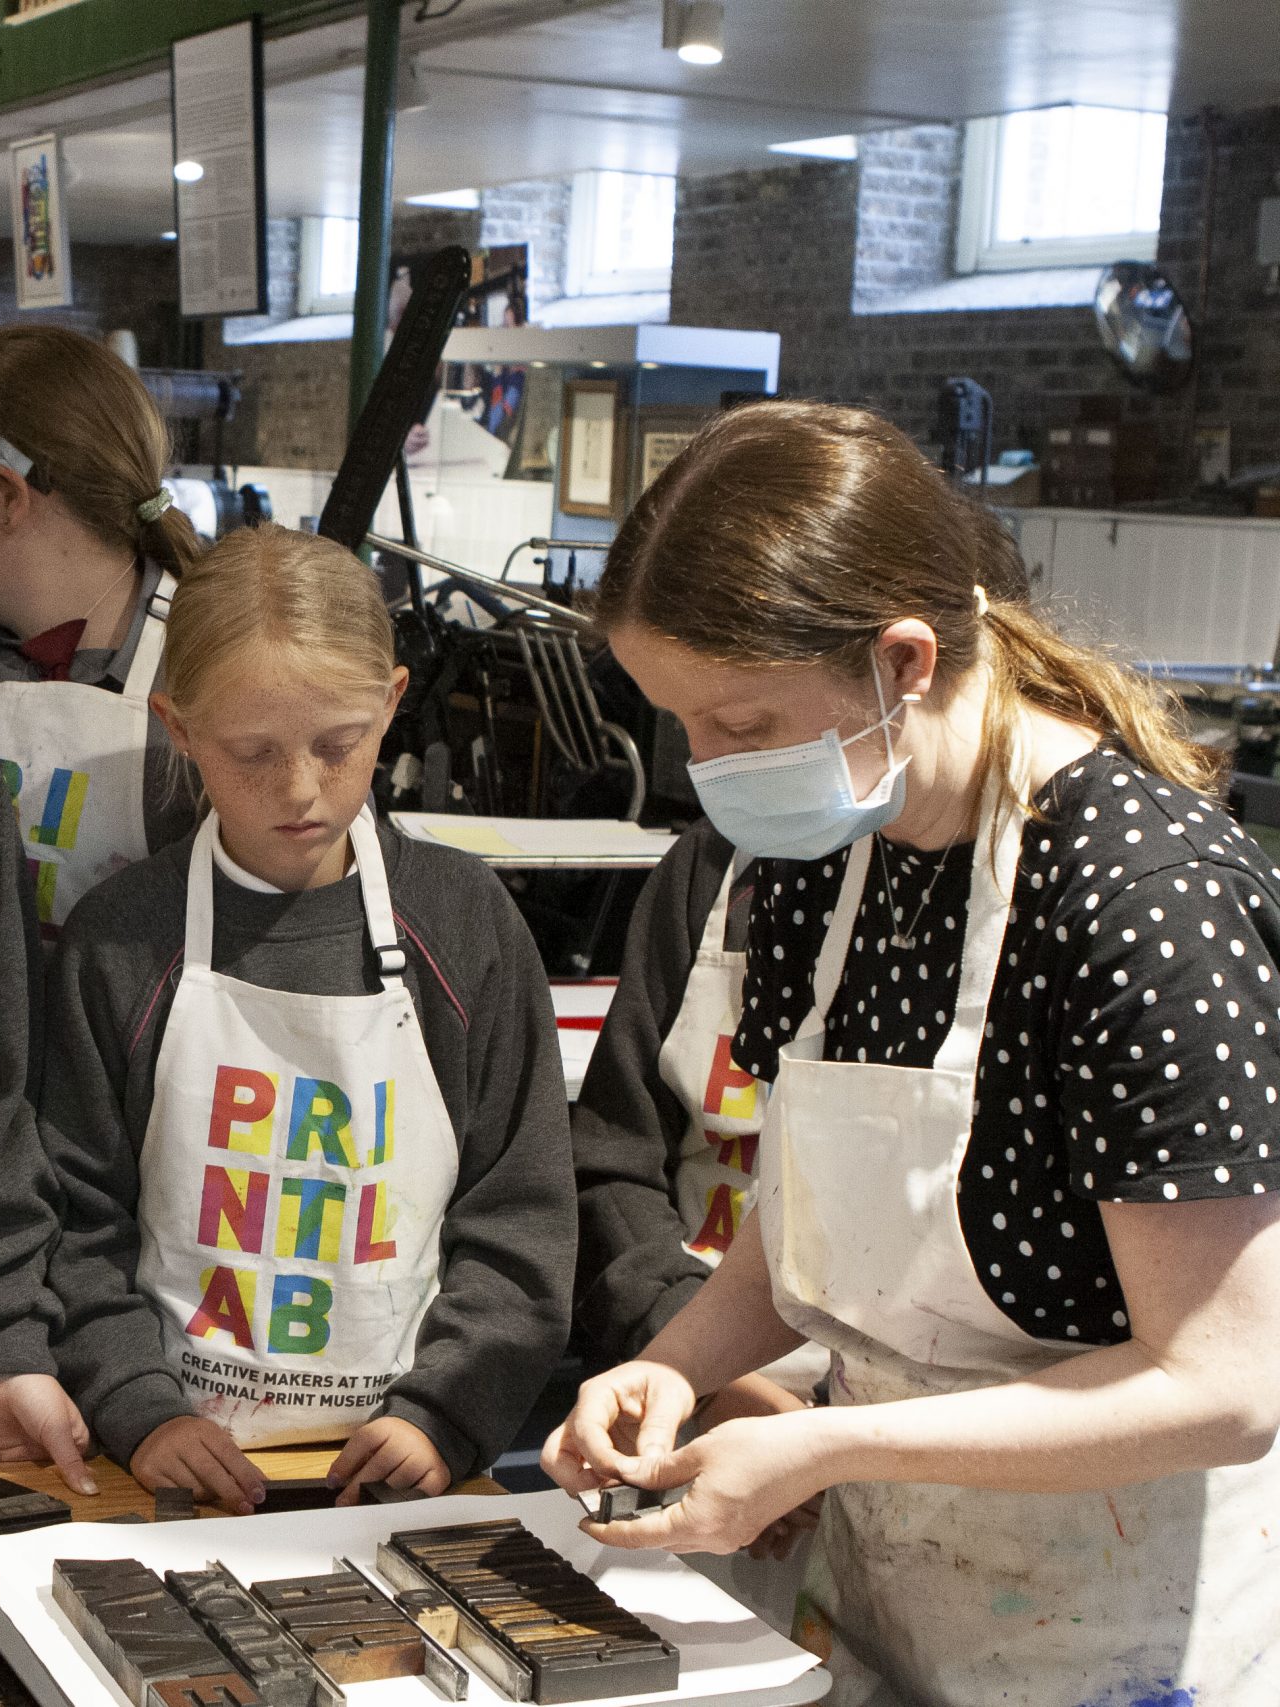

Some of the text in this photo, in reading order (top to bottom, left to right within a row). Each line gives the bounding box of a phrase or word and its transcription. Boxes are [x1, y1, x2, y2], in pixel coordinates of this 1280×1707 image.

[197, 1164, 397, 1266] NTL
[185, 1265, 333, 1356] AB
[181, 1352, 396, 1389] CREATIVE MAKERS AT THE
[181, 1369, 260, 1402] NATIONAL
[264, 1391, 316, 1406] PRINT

What you have to do
Repeat everything in the records above exactly; pictures are not part of the copy.

Response area
Some of the text in this photo, in reading order (top to bottom, left to right within a row). Each line gives the bounding box of a phrase or word and its transcription. Boxes are [x1, y1, x2, y2], in pixel coordinates of this 1280×1707 image.

[197, 1164, 397, 1266] NTL
[185, 1265, 333, 1356] AB
[181, 1352, 396, 1389] CREATIVE MAKERS AT THE
[181, 1369, 260, 1402] NATIONAL
[264, 1391, 316, 1406] PRINT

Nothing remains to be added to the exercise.